Does anyone know of an effective way to either handle the markup or know of a COM object library that provides support for HTML tables?

Some things we have tried to date include HTMLDocument class (formatting is not preserved), XHTML conversion followed by xslt parsing (effective but not very efficient) and, as already mentioned, regex.

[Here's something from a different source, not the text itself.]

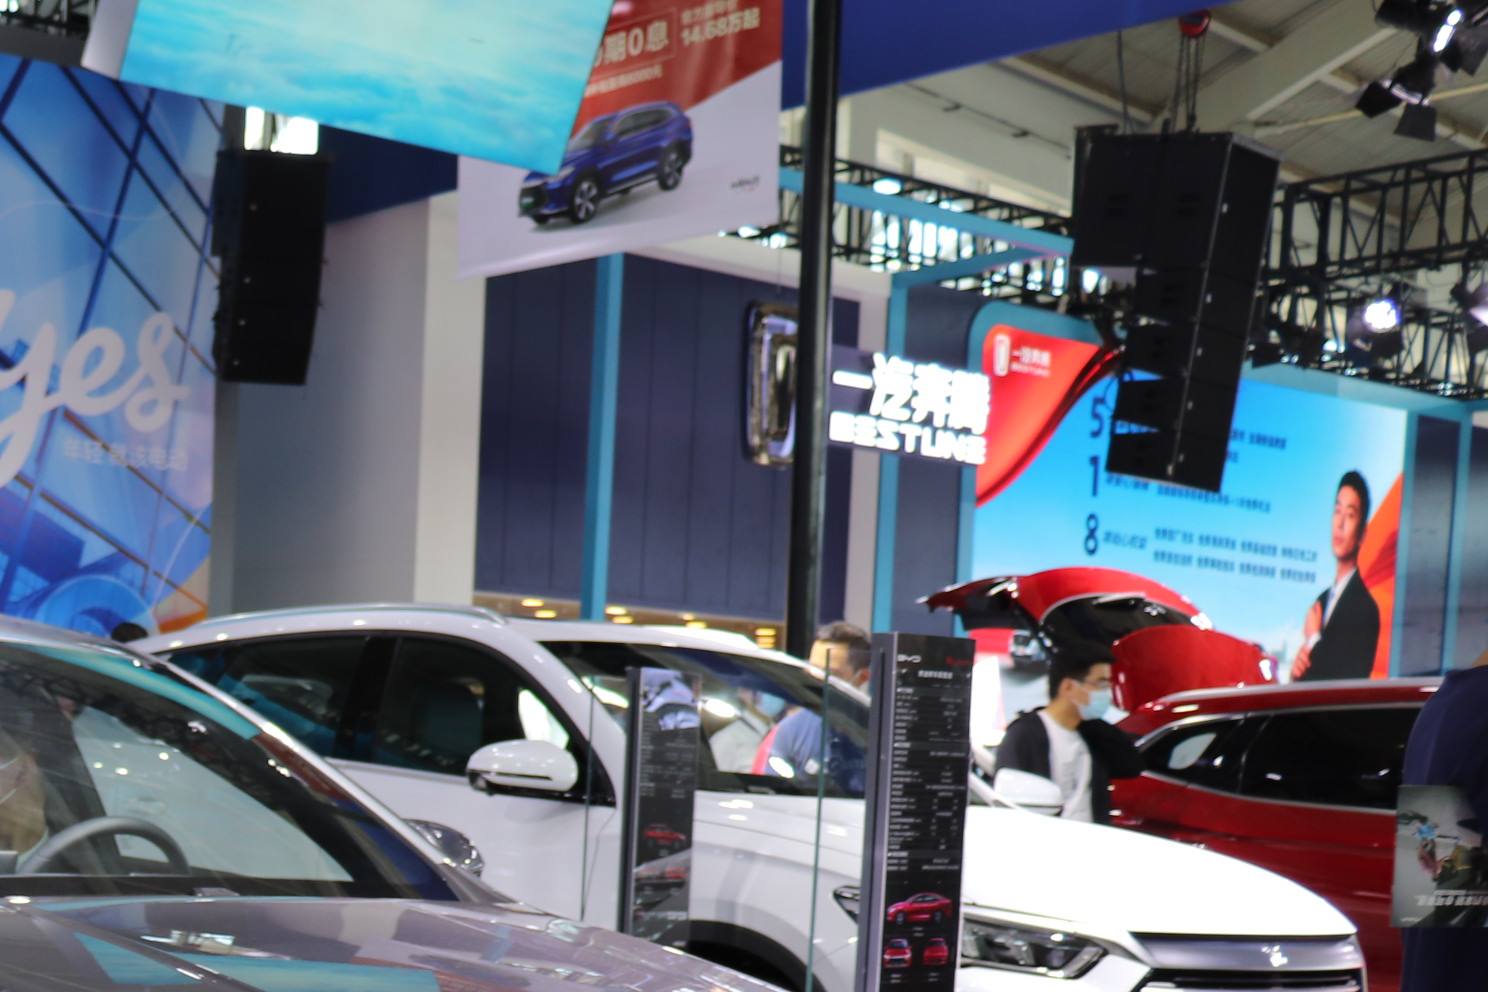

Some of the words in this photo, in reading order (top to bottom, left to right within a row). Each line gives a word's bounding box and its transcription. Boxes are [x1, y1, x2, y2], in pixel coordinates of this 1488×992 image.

Any help is much appreciated,

Alex

Nov 15 '05 #2

This thread has been closed and replies have been disabled. Please start a new discussion.

Similar topics

7
by: Jacek Generowicz | last post by:
:::Title::: A simple text markup utility :::/Title::: :::Section Introduction ::: I'm looking for something to help developers wirte documentation for bits of software they are writing. The...
30
by: Reinhold Birkenfeld | last post by:
Hello, I know that there are different YAML engines for Python out there (Syck, PyYaml, more?). Which one do you use, and why? For those of you who don't know what YAML is: visit...
47
by: Andy Dingley | last post by:
Assume an English language page, linking to a foreign history resource that's only available in a foreign language. Any suggestions on appropriate "best practice" markup, particularly regarding the...
7
by: Lachlan Hunt | last post by:
Hi, I have recently downloaded and experemented with IBM HPR 3.0, and Opera 8 with text-to-speech, and have come to realise some fairly annoying issues regarding punctuation marks. I've found,...
2
by: neovantage | last post by:
Hey all, I have created transparent PNG images from text dynamically. But it edges are pixel-ate or we can say edges are distorted. Here is my LINK which shows my generated transparent PNG image....
0
by: ryjfgjl | last post by:
If we have dozens or hundreds of excel to import into the database, if we use the excel import function provided by database editors such as navicat, it will be extremely tedious and time-consuming...
0
by: emmanuelkatto | last post by:
Hi All, I am Emmanuel katto from Uganda. I want to ask what challenges you've faced while migrating a website to cloud. Please let me know. Thanks! Emmanuel
0
BarryA
by: BarryA | last post by:
What are the essential steps and strategies outlined in the Data Structures and Algorithms (DSA) roadmap for aspiring data scientists? How can individuals effectively utilize this roadmap to progress...
1
by: nemocccc | last post by:
hello, everyone, I want to develop a software for my android phone for daily needs, any suggestions?
1
by: Sonnysonu | last post by:
This is the data of csv file 1 2 3 1 2 3 1 2 3 1 2 3 2 3 2 3 3 the lengths should be different i have to store the data by column-wise with in the specific length. suppose the i have to...
0
by: Hystou | last post by:
Most computers default to English, but sometimes we require a different language, especially when relocating. Forgot to request a specific language before your computer shipped? No problem! You can...
0
jinu1996
by: jinu1996 | last post by:
In today's digital age, having a compelling online presence is paramount for businesses aiming to thrive in a competitive landscape. At the heart of this digital strategy lies an intricately woven...
0
by: Hystou | last post by:
Overview: Windows 11 and 10 have less user interface control over operating system update behaviour than previous versions of Windows. In Windows 11 and 10, there is no way to turn off the Windows...
0
tracyyun
by: tracyyun | last post by:
Dear forum friends, With the development of smart home technology, a variety of wireless communication protocols have appeared on the market, such as Zigbee, Z-Wave, Wi-Fi, Bluetooth, etc. Each...

By using Bytes.com and it's services, you agree to our Privacy Policy and Terms of Use.

To disable or enable advertisements and analytics tracking please visit the manage ads & tracking page.